There are also many reports of toxic oligomers from synthetic Aβ. Synthetic Aβ forms fibrillar aggregates that have properties similar to those found in AD plaques in the brain. In vitro studies using synthetic Aβ are useful to complement efforts to determine the disease mechanism. Snyder et al. [23] detected the formation of soluble Aβ assemblies, rather than fibrils, using an analytical ultracentrifugation technique, and Lambert et al. [12] reported the formation of small Aβ globular oligomers (5 nm in diameter) in Hams-F12 medium, which were referred to as Aβ-derived diffusible ligands (ADDLs).
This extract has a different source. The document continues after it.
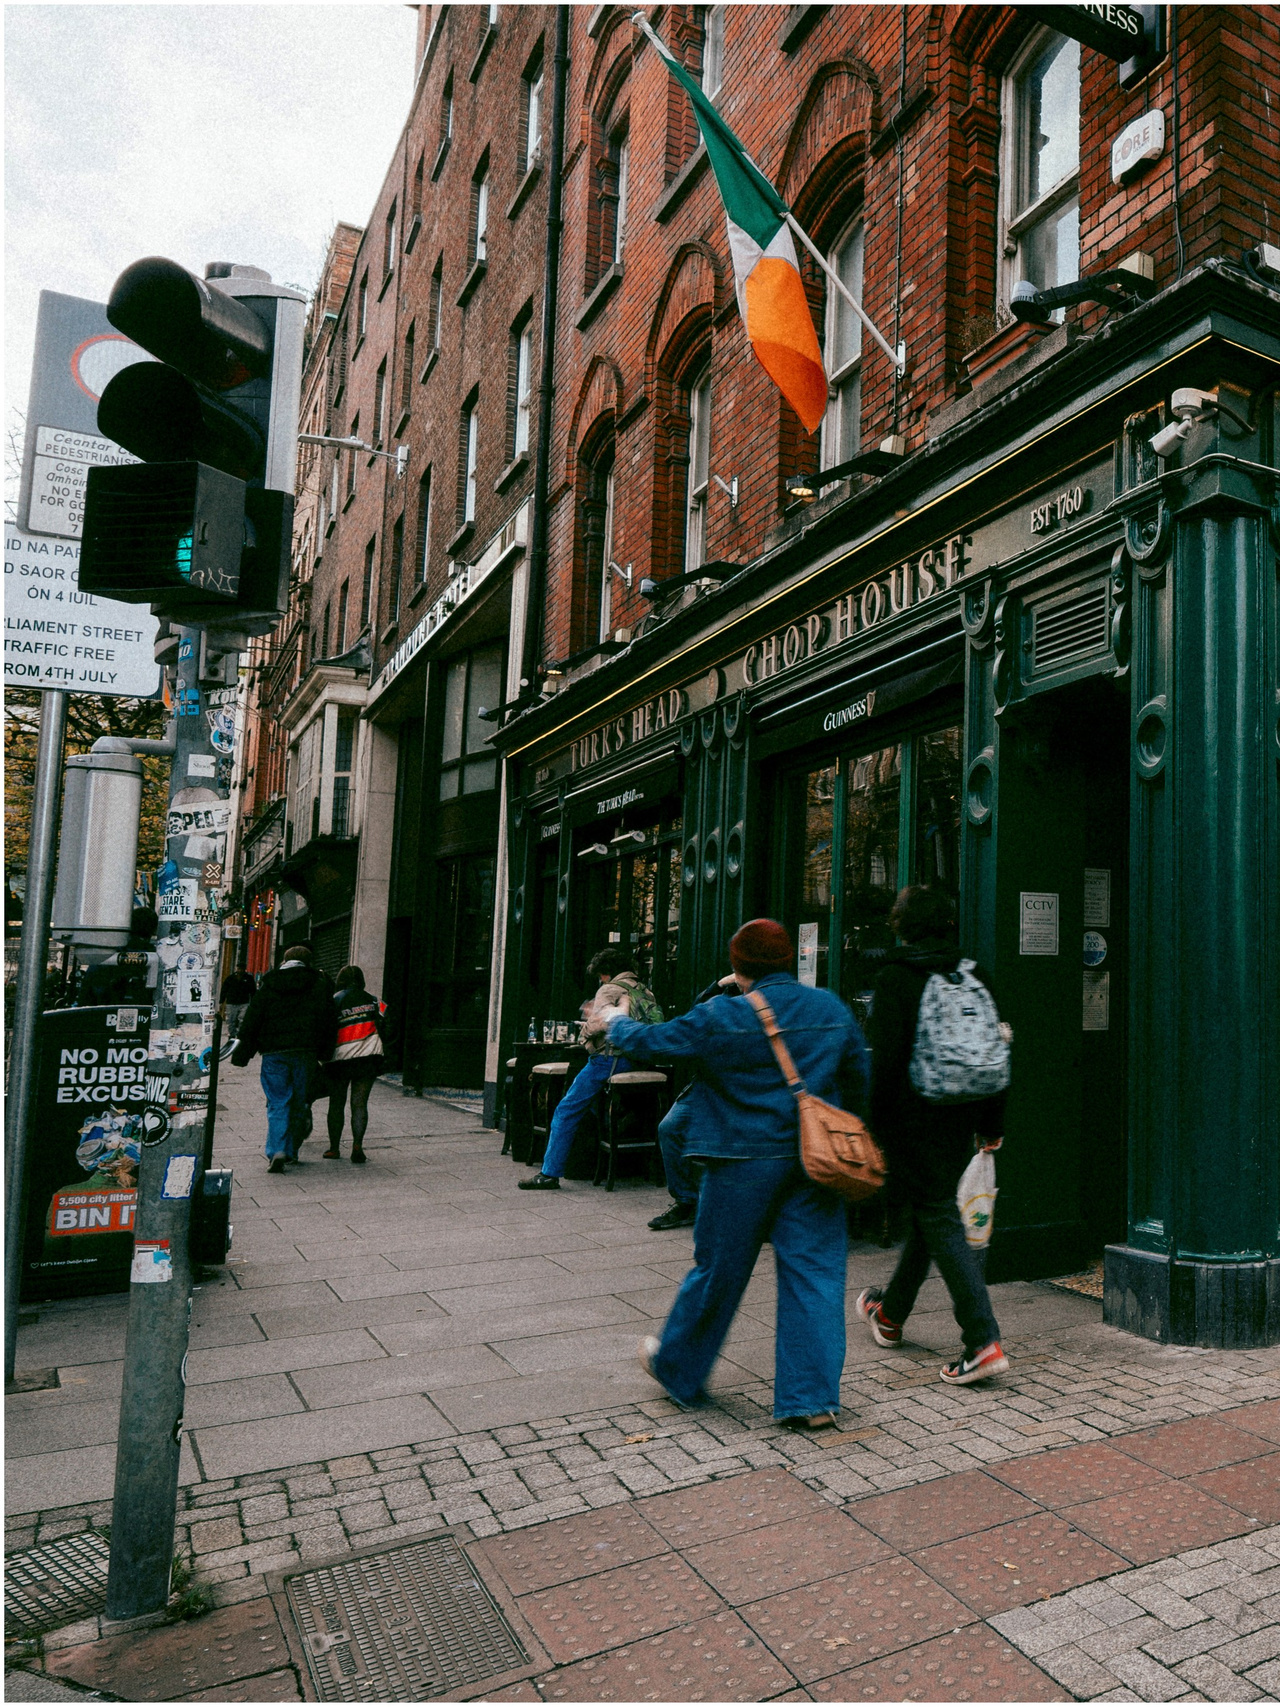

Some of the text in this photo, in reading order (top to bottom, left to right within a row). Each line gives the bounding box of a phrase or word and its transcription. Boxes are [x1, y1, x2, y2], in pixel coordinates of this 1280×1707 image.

Importantly, ADDLs strongly bound to the dendritic arbors of cultured neurons, caused neuronal cell death and blocked LTP. The finding of ADDL in soluble brain extracts from the human AD brain using ADDL-specific antibody supports the idea that the existence of ADDLs in the human AD brain causes disease [24].
The formation of annular Aβ oligomers, with an outer diameter of 8–12 nm and an inner diameter of 2.0–2.5 nm (150–250 kDa), has also been reported [25,26]. As these annular Aβ oligomers could be preferentially formed from mutant Aβ (such as those carrying the Arctic mutation), and because the amyloid ‘pore’ resembles bacterial cytolytic β-barrel pore-forming toxins, it has been suggested that these doughnut-like oligomers could be responsible for the Aβ-associated cytotoxicity [26]. The largest globular assemblies are amylospheroids [27], which are highly neurotoxic, off-pathway, spheroidal structures with diameters of 10–15 nm.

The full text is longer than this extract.